Vietnam Facts & Figures
- Capital: Hanoi - North Vietnam
- Other Major Cities: Hue, Danang & Ho Chi Minh City (Saigon)
- Currency: VND - Vietnamese Dong (approximately 23,000 VND to US$1)
- Language: Vietnamese
- Population: 95.54 million (2017)
- Area: 331,210 km²
- Electricity Voltage: 220 Volt at 50Hz.
- Electricity Sockets: Power plugs – Type A: 2 vertical pins, Type C: 2 round pins,
Type F (also known as Schuko plug): 2 round pins
You will find more and more hotels in Vietnam will offer power sockets in the wall for all major power types. We have come across quite a few places but I would still advise to bring an adapter just in case. Hanoi power plugs & all over Vietnam tend to be the two pin types.
Vietnam accept two currencies in general, the USD & the VND (Vietnamese Dong).

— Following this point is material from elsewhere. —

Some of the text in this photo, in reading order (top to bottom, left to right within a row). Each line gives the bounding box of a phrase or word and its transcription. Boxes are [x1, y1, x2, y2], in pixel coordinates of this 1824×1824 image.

USD is generally accepted in Travel Agents, Hotels and in the airport. But for local shops and restaurants it's probably best to deal in VND.
They will accept on some occasions but then you will not get the best rate when they work out the exchange to VND.

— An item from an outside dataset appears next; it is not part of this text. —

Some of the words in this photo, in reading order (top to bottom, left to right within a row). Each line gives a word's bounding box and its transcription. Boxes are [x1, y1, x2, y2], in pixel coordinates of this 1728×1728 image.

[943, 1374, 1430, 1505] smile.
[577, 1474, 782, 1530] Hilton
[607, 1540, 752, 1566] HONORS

Vietnam Dong comes in varying denominations from 200 VND to 500,000 VND.
You will need to take care when handling this money because a couple of notes are quite similar. Tourists past and present get caught unawares when dealing with it and lose out, so keep an eye out.
Below we will show each denomination so you can stay clear of any mistakes in Vietnam.
1K, 2K & 5K
These notes are more common in Vietnam and will be issued as change. These are handy to have in your wallet/purse as they can be used to buy lighters, sweets, Bia Hoi (7k VND) or even left in tips jars. The doughnuts you see being carried around by the ladies officially cost between 2k - 3k per doughnut, don't be conned into thinking they are worth more.
10K & 20K
10,000 VND can buy you a large bottle of water, small snacks or in some Bia Hois, two glasses of beer, although nowadays the price is usually 7k VND.

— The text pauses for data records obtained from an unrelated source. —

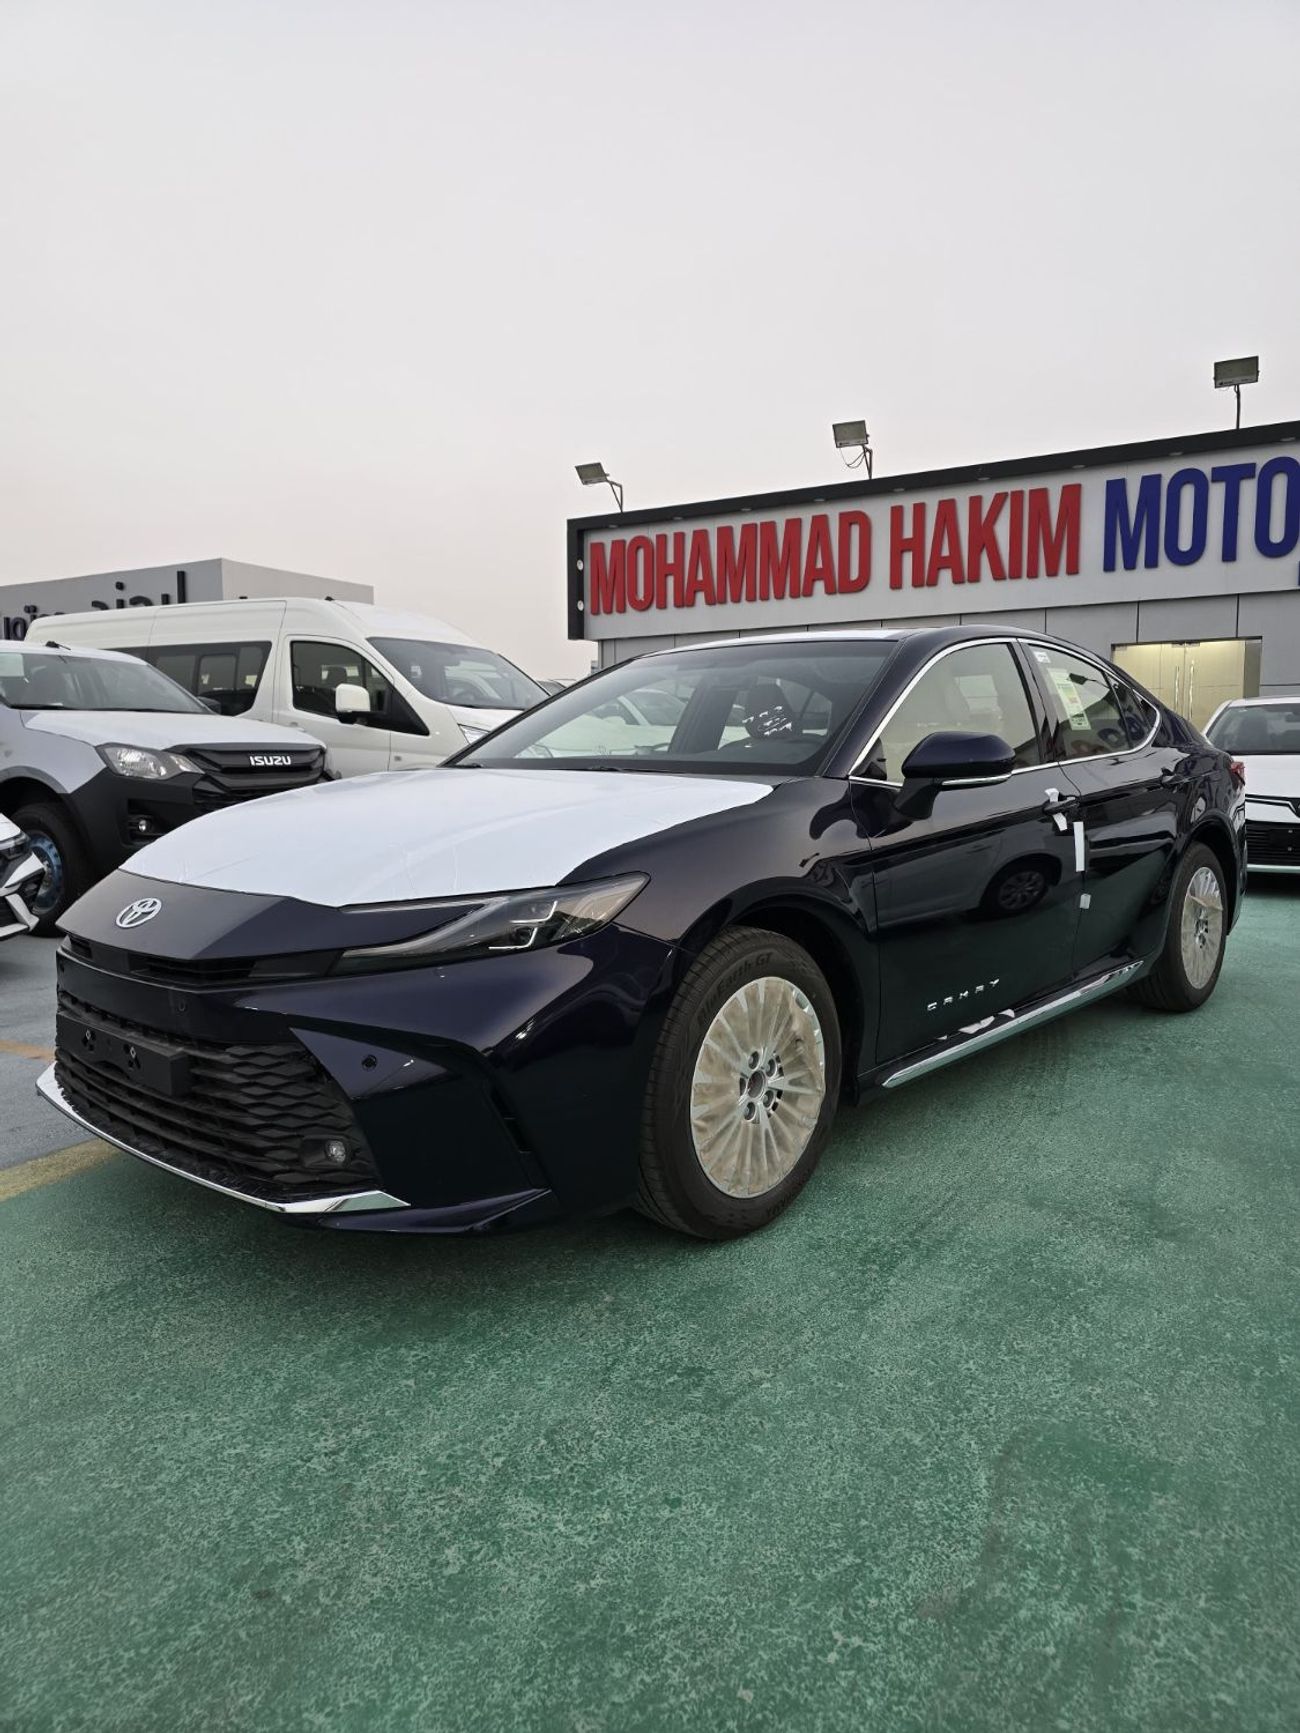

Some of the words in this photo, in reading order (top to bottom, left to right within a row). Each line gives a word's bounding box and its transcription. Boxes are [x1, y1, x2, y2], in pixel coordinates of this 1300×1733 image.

[588, 509, 873, 616] MOHAMMAD
[888, 483, 1082, 591] HAKIM
[1103, 456, 1300, 573] MOTO
[249, 755, 292, 766] ISUZU
[926, 978, 1001, 1012] CAMRY

20,000 VND used to be generally termed $1 but with the exchange rate changing over the years, its slightly less, but a good way to determine how much you have or how much something costs in the shops.
Now be careful with this note, it is slightly similar to the 500,000 VND note which is worth around $21, so getting a $1 and $21 note mixed up can cause you a bit of a loss, especially if grouped together in one payment.
Also, be wary when receiving change from taxi drivers or street vendors, this can be a regular occurrence and many can fall foul of this trick.
This is no doubt one of the most distinguishable notes amongst any in the VND currency, being red in colour and unmistakable when dealing with vendors and getting the right change.
With a value of around $2, this will get you a meal at lunch time with change left over for a drink too. It will also get you a little merry with Bia Hois at 7k VND a glass.
Pho Ga (Chicken Soup) or Pho Bo (Beef soup) for example will cost you in the region of 35,000 - 40,000 VND.
The green note is the 100,000 and another visibly different note from the others. This is actually worth in the region of US$4.30 now, but stick to US$4 when mentally making conversions in your head and you will be fine.
What 100K VND can buy you in Vietnam is quite a lot when you think a lunchtime soup costs around 30k - 35k VND, thats 3 meals.
Do see our scams page (coming soon) before you think 100k VND is a decent price to pay for 6 tiny doughnuts in the old quarter of Hanoi for example, don't make that mistake.
A 200,000 VND note is worth in the region of US$9 and can be annoying to lose this note in change at a restaurant or bar.
This can usually buy you a couple of days of street food, or a dinner for two at a restaurant such as New Day on Ma May street in . the Old Quarter of Hanoi.
Don't go and buy 12 doughnuts this time from that doughnut lady you saw yesterday!
Now it's last but not least by any means, this is the big boy of the Vietnamese notes, 500,000 VND, yes that's half a million and is worth around US$21.
Some dodgy taxi drivers will attempt to distract you to try and grab these notes out of your purse or wallet and swap with a 20,000 VND note, being that it's a similar colour and folded up, maybe none the wiser.
Keep an eye on these and keep them separated from your smaller bills.
Finally, there is fake money being used in Vietnam, but only for religious ceremonies and the remembrance of loved ones.
These notes can be in USD or VND and along with paper clothes etc will be burned for their loved ones anniversaries to help in the after life.